• GIVEN RECORDS
□ □ □ □ □ □ □
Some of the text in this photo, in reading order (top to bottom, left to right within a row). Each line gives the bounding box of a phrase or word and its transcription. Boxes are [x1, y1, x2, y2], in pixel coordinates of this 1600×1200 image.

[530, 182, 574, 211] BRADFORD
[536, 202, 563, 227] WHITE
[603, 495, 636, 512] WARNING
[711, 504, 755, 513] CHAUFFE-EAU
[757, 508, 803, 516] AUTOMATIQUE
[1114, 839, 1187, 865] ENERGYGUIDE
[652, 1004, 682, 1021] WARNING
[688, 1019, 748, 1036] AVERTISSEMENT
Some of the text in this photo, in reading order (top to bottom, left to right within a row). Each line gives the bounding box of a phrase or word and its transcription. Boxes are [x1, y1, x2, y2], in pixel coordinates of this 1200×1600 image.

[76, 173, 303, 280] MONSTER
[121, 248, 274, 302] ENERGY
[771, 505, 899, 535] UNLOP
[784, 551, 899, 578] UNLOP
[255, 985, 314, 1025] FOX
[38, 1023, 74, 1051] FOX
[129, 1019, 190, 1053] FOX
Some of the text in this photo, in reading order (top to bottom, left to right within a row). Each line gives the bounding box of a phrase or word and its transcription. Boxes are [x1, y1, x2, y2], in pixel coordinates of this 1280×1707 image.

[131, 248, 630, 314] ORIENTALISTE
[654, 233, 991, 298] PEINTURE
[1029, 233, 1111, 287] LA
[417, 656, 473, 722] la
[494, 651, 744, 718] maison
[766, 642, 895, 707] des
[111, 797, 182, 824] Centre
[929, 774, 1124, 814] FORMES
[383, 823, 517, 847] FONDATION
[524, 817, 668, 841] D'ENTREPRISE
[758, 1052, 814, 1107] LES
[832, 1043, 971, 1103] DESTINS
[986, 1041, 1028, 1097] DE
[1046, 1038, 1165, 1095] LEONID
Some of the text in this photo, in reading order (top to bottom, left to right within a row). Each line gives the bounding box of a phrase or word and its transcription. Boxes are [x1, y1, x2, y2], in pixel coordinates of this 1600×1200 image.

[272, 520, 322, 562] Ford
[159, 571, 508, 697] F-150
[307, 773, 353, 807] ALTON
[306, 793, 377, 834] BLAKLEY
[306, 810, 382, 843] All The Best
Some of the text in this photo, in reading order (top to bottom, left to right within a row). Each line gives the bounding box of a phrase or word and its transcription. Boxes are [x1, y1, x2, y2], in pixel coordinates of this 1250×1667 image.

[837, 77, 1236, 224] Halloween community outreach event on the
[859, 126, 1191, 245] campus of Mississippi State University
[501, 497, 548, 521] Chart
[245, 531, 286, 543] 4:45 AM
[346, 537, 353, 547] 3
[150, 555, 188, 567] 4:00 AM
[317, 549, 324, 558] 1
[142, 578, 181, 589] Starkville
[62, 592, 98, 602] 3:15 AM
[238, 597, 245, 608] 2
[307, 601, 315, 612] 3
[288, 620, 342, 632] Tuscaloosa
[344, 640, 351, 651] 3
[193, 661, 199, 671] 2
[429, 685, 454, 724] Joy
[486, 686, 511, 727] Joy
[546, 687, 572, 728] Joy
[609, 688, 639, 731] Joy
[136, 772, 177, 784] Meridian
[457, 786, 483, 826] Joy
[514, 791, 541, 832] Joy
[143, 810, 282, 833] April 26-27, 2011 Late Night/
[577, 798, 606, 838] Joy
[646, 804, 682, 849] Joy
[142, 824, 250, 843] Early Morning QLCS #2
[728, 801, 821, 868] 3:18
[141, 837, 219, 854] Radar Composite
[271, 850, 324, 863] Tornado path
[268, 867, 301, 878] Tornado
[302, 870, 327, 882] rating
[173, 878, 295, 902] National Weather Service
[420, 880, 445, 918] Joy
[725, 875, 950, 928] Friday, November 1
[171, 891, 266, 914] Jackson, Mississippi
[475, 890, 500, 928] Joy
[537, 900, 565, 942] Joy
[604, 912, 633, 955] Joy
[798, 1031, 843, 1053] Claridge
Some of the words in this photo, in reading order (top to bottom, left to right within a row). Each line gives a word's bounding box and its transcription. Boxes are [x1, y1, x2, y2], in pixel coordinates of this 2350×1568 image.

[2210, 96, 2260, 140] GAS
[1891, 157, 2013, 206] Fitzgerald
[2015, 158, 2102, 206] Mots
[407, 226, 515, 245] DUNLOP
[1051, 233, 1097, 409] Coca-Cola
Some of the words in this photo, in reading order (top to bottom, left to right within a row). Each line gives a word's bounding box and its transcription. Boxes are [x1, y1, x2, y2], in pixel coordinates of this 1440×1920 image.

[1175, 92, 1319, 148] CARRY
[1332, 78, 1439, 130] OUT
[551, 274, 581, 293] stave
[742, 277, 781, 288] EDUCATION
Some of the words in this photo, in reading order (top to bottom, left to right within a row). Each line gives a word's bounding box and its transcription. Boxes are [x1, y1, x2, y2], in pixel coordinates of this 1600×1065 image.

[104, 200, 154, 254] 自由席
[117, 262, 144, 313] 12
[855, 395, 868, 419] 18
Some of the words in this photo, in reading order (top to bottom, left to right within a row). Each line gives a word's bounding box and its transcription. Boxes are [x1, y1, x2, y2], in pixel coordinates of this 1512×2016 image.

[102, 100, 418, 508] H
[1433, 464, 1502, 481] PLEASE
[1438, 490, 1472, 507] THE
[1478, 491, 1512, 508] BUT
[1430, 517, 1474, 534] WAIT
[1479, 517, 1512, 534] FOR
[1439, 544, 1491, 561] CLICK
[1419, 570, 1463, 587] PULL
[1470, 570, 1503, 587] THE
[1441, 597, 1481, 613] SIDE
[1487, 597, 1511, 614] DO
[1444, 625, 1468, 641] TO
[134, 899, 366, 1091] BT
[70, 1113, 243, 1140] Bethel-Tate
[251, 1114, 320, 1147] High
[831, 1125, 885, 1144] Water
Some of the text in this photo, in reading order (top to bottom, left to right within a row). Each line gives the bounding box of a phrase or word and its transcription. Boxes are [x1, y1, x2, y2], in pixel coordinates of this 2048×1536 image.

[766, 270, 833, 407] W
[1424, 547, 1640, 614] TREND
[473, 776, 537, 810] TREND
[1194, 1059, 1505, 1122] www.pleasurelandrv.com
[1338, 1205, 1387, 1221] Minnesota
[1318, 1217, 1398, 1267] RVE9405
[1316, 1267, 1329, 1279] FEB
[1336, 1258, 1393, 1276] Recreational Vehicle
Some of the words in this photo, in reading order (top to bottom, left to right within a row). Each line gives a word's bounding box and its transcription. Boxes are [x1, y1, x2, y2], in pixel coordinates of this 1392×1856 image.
□ □ □ □ □ □ □
• TASK DESCRIPTION
Transcribe the whole listing word for word.

• TASK SOLUTION
Some of the text in this photo, in reading order (top to bottom, left to right within a row). Each line gives the bounding box of a phrase or word and its transcription. Boxes are [x1, y1, x2, y2], in pixel coordinates of this 1600×1200 image.

[530, 182, 574, 211] BRADFORD
[536, 202, 563, 227] WHITE
[603, 495, 636, 512] WARNING
[711, 504, 755, 513] CHAUFFE-EAU
[757, 508, 803, 516] AUTOMATIQUE
[1114, 839, 1187, 865] ENERGYGUIDE
[652, 1004, 682, 1021] WARNING
[688, 1019, 748, 1036] AVERTISSEMENT
Some of the text in this photo, in reading order (top to bottom, left to right within a row). Each line gives the bounding box of a phrase or word and its transcription. Boxes are [x1, y1, x2, y2], in pixel coordinates of this 1200×1600 image.

[76, 173, 303, 280] MONSTER
[121, 248, 274, 302] ENERGY
[771, 505, 899, 535] UNLOP
[784, 551, 899, 578] UNLOP
[255, 985, 314, 1025] FOX
[38, 1023, 74, 1051] FOX
[129, 1019, 190, 1053] FOX
Some of the text in this photo, in reading order (top to bottom, left to right within a row). Each line gives the bounding box of a phrase or word and its transcription. Boxes are [x1, y1, x2, y2], in pixel coordinates of this 1280×1707 image.

[131, 248, 630, 314] ORIENTALISTE
[654, 233, 991, 298] PEINTURE
[1029, 233, 1111, 287] LA
[417, 656, 473, 722] la
[494, 651, 744, 718] maison
[766, 642, 895, 707] des
[111, 797, 182, 824] Centre
[929, 774, 1124, 814] FORMES
[383, 823, 517, 847] FONDATION
[524, 817, 668, 841] D'ENTREPRISE
[758, 1052, 814, 1107] LES
[832, 1043, 971, 1103] DESTINS
[986, 1041, 1028, 1097] DE
[1046, 1038, 1165, 1095] LEONID
Some of the text in this photo, in reading order (top to bottom, left to right within a row). Each line gives the bounding box of a phrase or word and its transcription. Boxes are [x1, y1, x2, y2], in pixel coordinates of this 1600×1200 image.

[272, 520, 322, 562] Ford
[159, 571, 508, 697] F-150
[307, 773, 353, 807] ALTON
[306, 793, 377, 834] BLAKLEY
[306, 810, 382, 843] All The Best
Some of the text in this photo, in reading order (top to bottom, left to right within a row). Each line gives the bounding box of a phrase or word and its transcription. Boxes are [x1, y1, x2, y2], in pixel coordinates of this 1250×1667 image.

[837, 77, 1236, 224] Halloween community outreach event on the
[859, 126, 1191, 245] campus of Mississippi State University
[501, 497, 548, 521] Chart
[245, 531, 286, 543] 4:45 AM
[346, 537, 353, 547] 3
[150, 555, 188, 567] 4:00 AM
[317, 549, 324, 558] 1
[142, 578, 181, 589] Starkville
[62, 592, 98, 602] 3:15 AM
[238, 597, 245, 608] 2
[307, 601, 315, 612] 3
[288, 620, 342, 632] Tuscaloosa
[344, 640, 351, 651] 3
[193, 661, 199, 671] 2
[429, 685, 454, 724] Joy
[486, 686, 511, 727] Joy
[546, 687, 572, 728] Joy
[609, 688, 639, 731] Joy
[136, 772, 177, 784] Meridian
[457, 786, 483, 826] Joy
[514, 791, 541, 832] Joy
[143, 810, 282, 833] April 26-27, 2011 Late Night/
[577, 798, 606, 838] Joy
[646, 804, 682, 849] Joy
[142, 824, 250, 843] Early Morning QLCS #2
[728, 801, 821, 868] 3:18
[141, 837, 219, 854] Radar Composite
[271, 850, 324, 863] Tornado path
[268, 867, 301, 878] Tornado
[302, 870, 327, 882] rating
[173, 878, 295, 902] National Weather Service
[420, 880, 445, 918] Joy
[725, 875, 950, 928] Friday, November 1
[171, 891, 266, 914] Jackson, Mississippi
[475, 890, 500, 928] Joy
[537, 900, 565, 942] Joy
[604, 912, 633, 955] Joy
[798, 1031, 843, 1053] Claridge
Some of the words in this photo, in reading order (top to bottom, left to right within a row). Each line gives a word's bounding box and its transcription. Boxes are [x1, y1, x2, y2], in pixel coordinates of this 2350×1568 image.

[2210, 96, 2260, 140] GAS
[1891, 157, 2013, 206] Fitzgerald
[2015, 158, 2102, 206] Mots
[407, 226, 515, 245] DUNLOP
[1051, 233, 1097, 409] Coca-Cola
Some of the words in this photo, in reading order (top to bottom, left to right within a row). Each line gives a word's bounding box and its transcription. Boxes are [x1, y1, x2, y2], in pixel coordinates of this 1440×1920 image.

[1175, 92, 1319, 148] CARRY
[1332, 78, 1439, 130] OUT
[551, 274, 581, 293] stave
[742, 277, 781, 288] EDUCATION
Some of the words in this photo, in reading order (top to bottom, left to right within a row). Each line gives a word's bounding box and its transcription. Boxes are [x1, y1, x2, y2], in pixel coordinates of this 1600×1065 image.

[104, 200, 154, 254] 自由席
[117, 262, 144, 313] 12
[855, 395, 868, 419] 18
Some of the words in this photo, in reading order (top to bottom, left to right within a row). Each line gives a word's bounding box and its transcription. Boxes are [x1, y1, x2, y2], in pixel coordinates of this 1512×2016 image.

[102, 100, 418, 508] H
[1433, 464, 1502, 481] PLEASE
[1438, 490, 1472, 507] THE
[1478, 491, 1512, 508] BUT
[1430, 517, 1474, 534] WAIT
[1479, 517, 1512, 534] FOR
[1439, 544, 1491, 561] CLICK
[1419, 570, 1463, 587] PULL
[1470, 570, 1503, 587] THE
[1441, 597, 1481, 613] SIDE
[1487, 597, 1511, 614] DO
[1444, 625, 1468, 641] TO
[134, 899, 366, 1091] BT
[70, 1113, 243, 1140] Bethel-Tate
[251, 1114, 320, 1147] High
[831, 1125, 885, 1144] Water
Some of the text in this photo, in reading order (top to bottom, left to right within a row). Each line gives the bounding box of a phrase or word and its transcription. Boxes are [x1, y1, x2, y2], in pixel coordinates of this 2048×1536 image.

[766, 270, 833, 407] W
[1424, 547, 1640, 614] TREND
[473, 776, 537, 810] TREND
[1194, 1059, 1505, 1122] www.pleasurelandrv.com
[1338, 1205, 1387, 1221] Minnesota
[1318, 1217, 1398, 1267] RVE9405
[1316, 1267, 1329, 1279] FEB
[1336, 1258, 1393, 1276] Recreational Vehicle
Some of the words in this photo, in reading order (top to bottom, left to right within a row). Each line gives a word's bounding box and its transcription. Boxes are [x1, y1, x2, y2], in pixel coordinates of this 1392×1856 image.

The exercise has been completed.